Lloyd Austin’s people are still there. Biden holdovers infest the Pentagon bureaucracy. The same officials who helped fashion Austin’s assault on conscience are now technically working for Hegseth.

And they’re engaging in “malicious compliance and outright disobedience” according to service members trying to navigate the reinstatement process.

Assistant Secretary for Personnel and Readiness Anthony Tata tweets support for reinstatement. But in practice, his office appears aligned with the holdovers who created the problem.

The bureaucracy is in open rebellion. And Hegseth hasn’t purged them.

The Lone Exception

One Pentagon official gets it.

Hung Cao, Under Secretary of the Navy, signed an apology letter days ago acknowledging that the Navy and Marine Corps “failed those drummed out for refusing unlawful orders.”

One official. One apology. One act of leadership.

Why does Cao stand alone? Why hasn’t Hegseth issued a department-wide apology? Why hasn’t Trump demanded accountability?

Why Veterans Won’t Return

The author of this analysis spoke with fellow veterans who were discharged over the vaccine mandate.

Here’s what they said:

They don’t trust the officers who unlawfully discharged them to treat them fairly if they return.

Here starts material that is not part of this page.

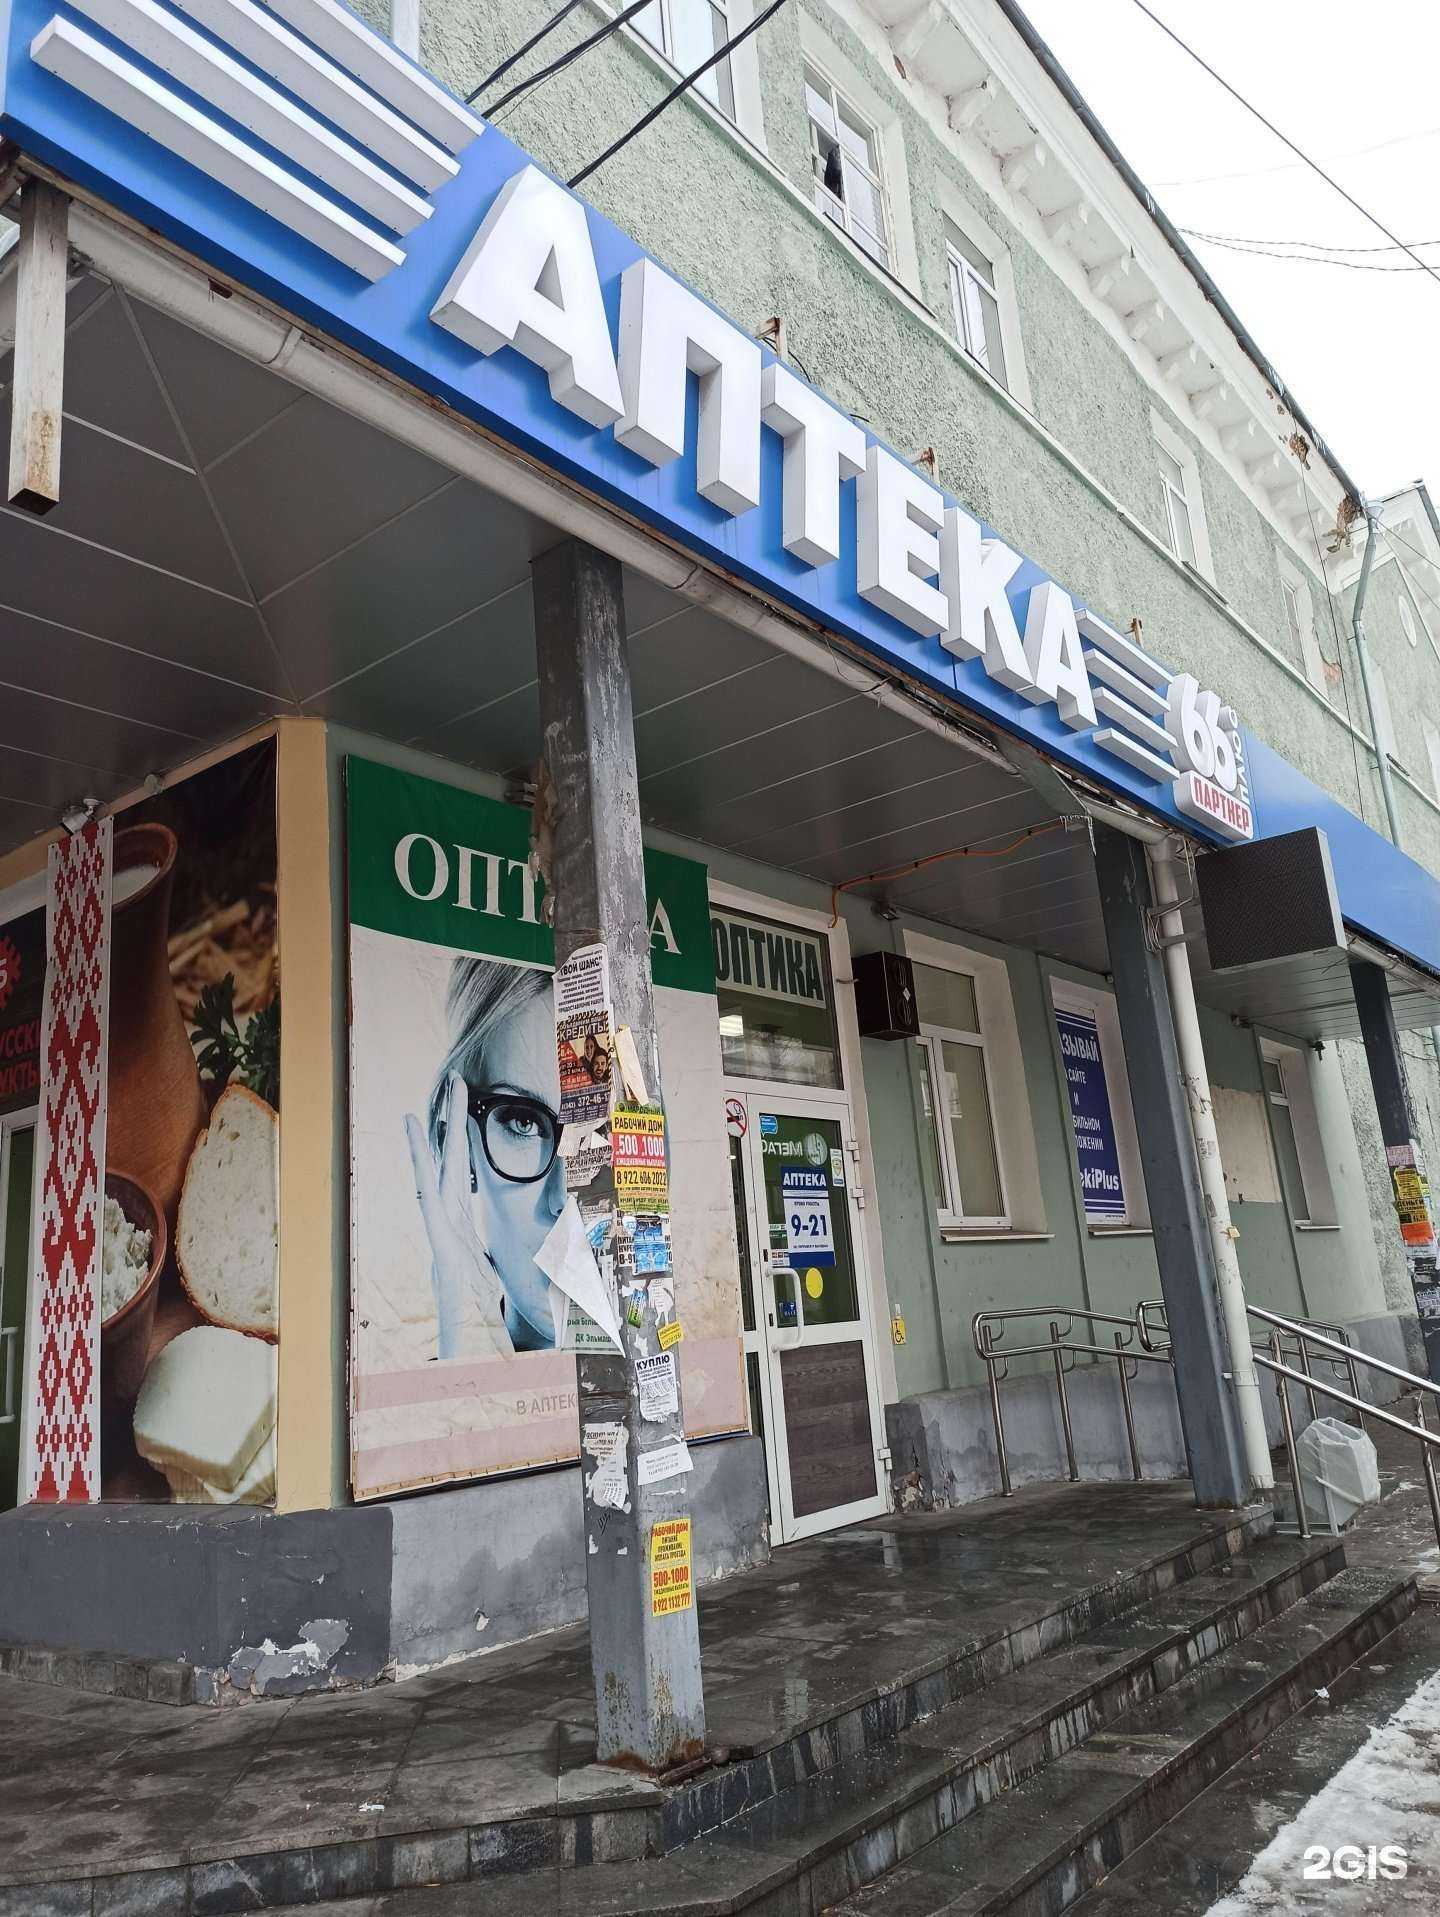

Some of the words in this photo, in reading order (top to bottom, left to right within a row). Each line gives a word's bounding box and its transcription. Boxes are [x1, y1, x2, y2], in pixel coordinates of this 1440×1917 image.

They would resume service at the same or lesser rank, permanently behind their peers who complied with illegal orders.

The reinstatement process is “an emotional hazing ritual” — an administrative gauntlet designed to humiliate them.

They’ve spent five years rebuilding lives and don’t want to subject their families to military turmoil again.

Without accountability for officers who followed illegal orders, they fear a future Democratic administration will target them again.

These aren’t excuses. These are rational responses to a system that punished them for doing the right thing and hasn’t demonstrated genuine commitment to making it right.

The 90-Day Rule

There’s an old military tradition. When a new commander takes over, defects in the organization become their responsibility after 90 days.

You get three months to start fixing problems. After that, they’re yours.

Hegseth has been Secretary for over a year.

The COVID discharge crisis is no longer Lloyd Austin’s failure. It’s Pete Hegseth’s failure.

The air force continuing to push out vaccine refusers? That’s happening under Hegseth.

The bureaucratic sabotage of reinstatement? That’s continuing under Hegseth.

The holdovers blocking justice? They’re still employed under Hegseth.

The Scalia Principle

Justice Antonin Scalia understood this dynamic.

In his King v. Burwell dissent, he noted that when you see a problem, refuse to remedy it, and enable those who created it — “it is no longer their problem. It is yours by adoption.”

“We should start calling this law SCOTUScare,” Scalia wrote about Obamacare.

By the same logic, we should start calling the ongoing COVID discharge crisis “HegsethCare.”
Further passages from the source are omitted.